Psalm
Artist
Whitfield Lovell
(American, b. 1959)
Date1999
MediumCharcoal on wood, radio, audio cassette
DimensionsObject: 40 x 22 x 9 in. (101.6 x 55.9 x 22.9 cm)
ClassificationsSculpture
Credit LineMemphis Brooks Museum of Art purchase; funds provided by Mr. T. Hall Cannon, Elliot Perry, Marina Pacini and David McCarthy, Dr. James Patterson, Dr. Rushton Patterson, Karen Spacek and William Solmson, and Craig Michael Wiener
Object number2005.12a-e
CommentaryWhitfield Lovell draws figures taken from anonymous photographs collected at flea markets and antique stores onto old wood.

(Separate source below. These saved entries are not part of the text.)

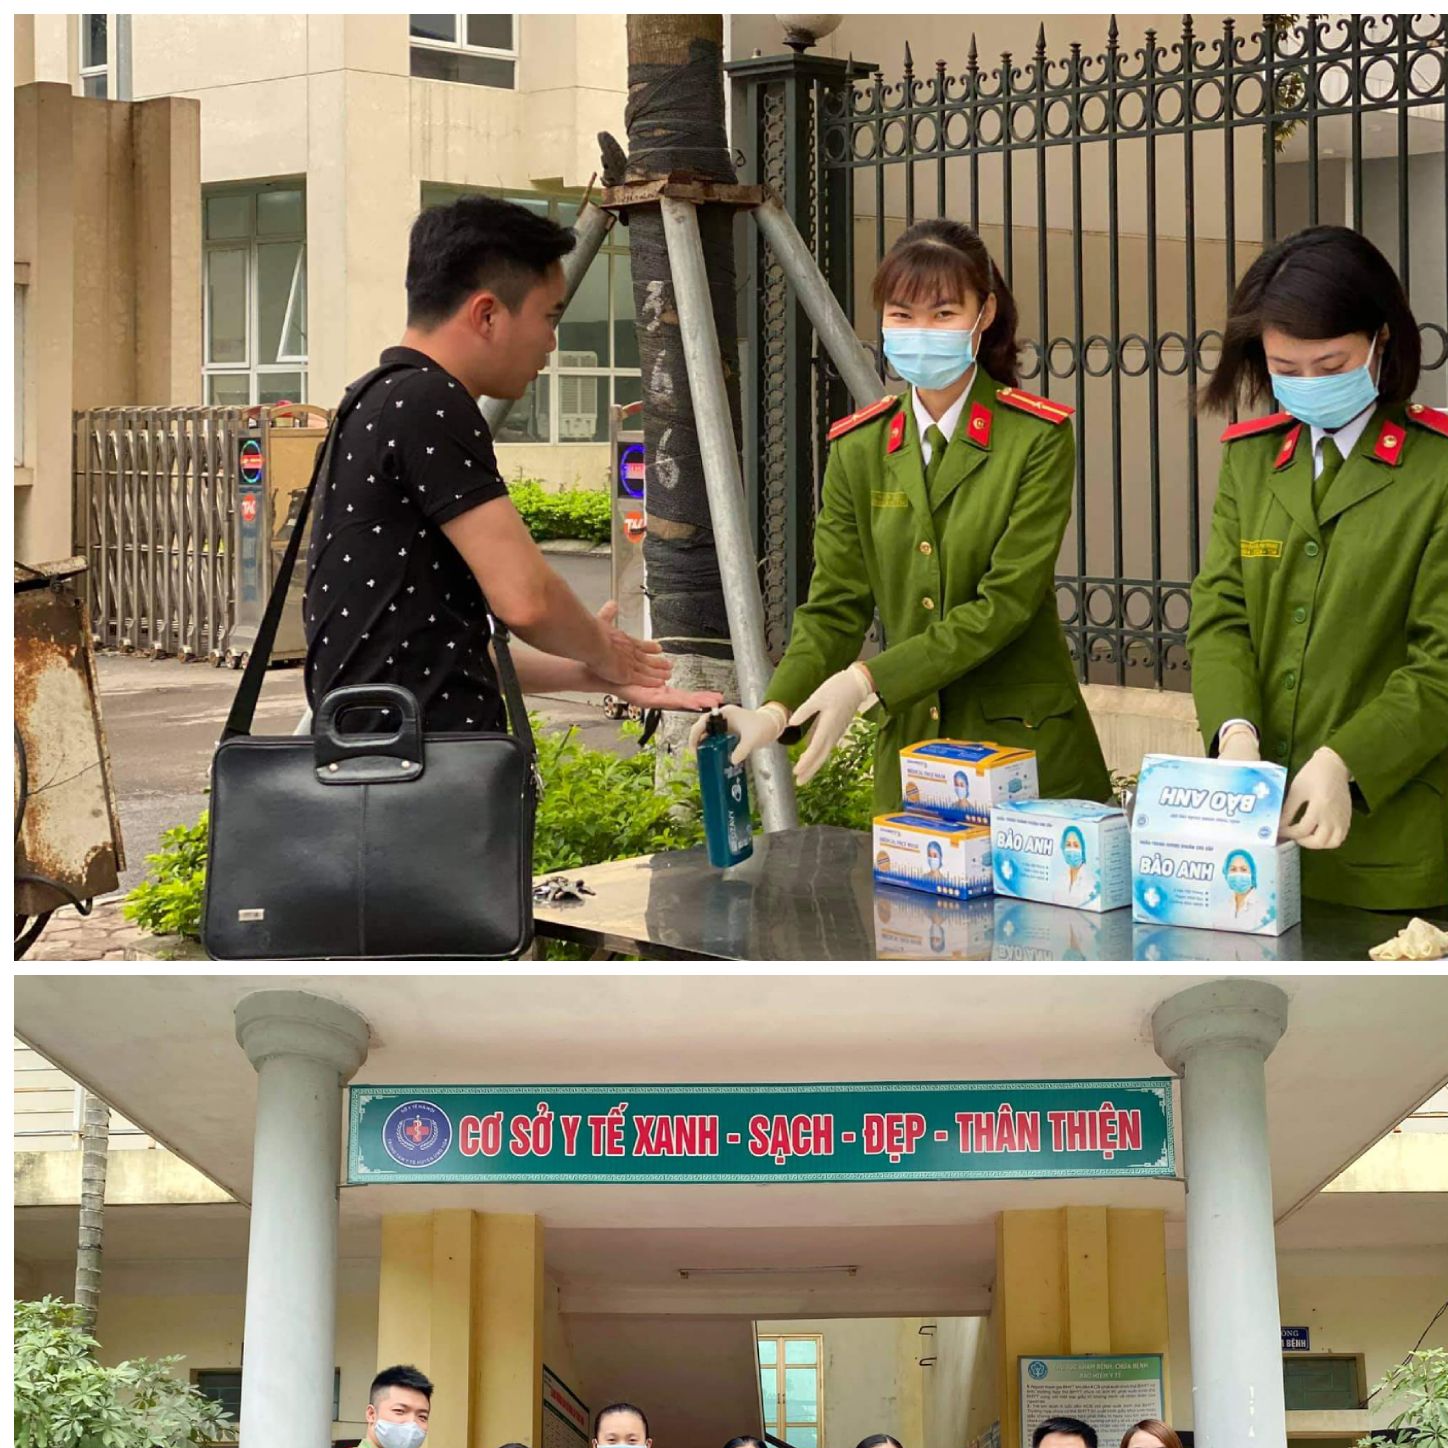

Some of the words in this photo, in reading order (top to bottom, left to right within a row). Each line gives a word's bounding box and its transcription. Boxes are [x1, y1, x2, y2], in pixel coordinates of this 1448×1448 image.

[1159, 786, 1208, 810] ANH
[1210, 791, 1257, 817] BẢO
[996, 828, 1022, 853] BẢO
[1023, 836, 1054, 857] ANH
[1139, 853, 1175, 876] BẢO
[1176, 860, 1215, 882] ANH
[459, 1111, 503, 1156] CƠ
[510, 1102, 554, 1156] SỞ
[560, 1115, 581, 1156] Y
[588, 1103, 628, 1156] TẾ
[633, 1115, 718, 1156] XANH
[749, 1114, 833, 1164] SẠCH
[863, 1113, 926, 1163] ĐẸP
[955, 1104, 1040, 1152] THÂN
[1048, 1102, 1142, 1159] THIỆN

The portraits are combined with household artifacts such as plates, chairs, or, frying pans to produce deeply moving and dignified images of African Americans from the Jim Crow era. In Psalm, the lovely woman’s head, sketched in charcoal, is blurred and softened, appearing to emanate from the shadows of the wood. Below her, the radio plays a scratchy recording of a hymn. Both the wood panel and the radio are worn from use; they evoke nostalgia for the past as well as conveying a sense of history and the traces of the people who used them.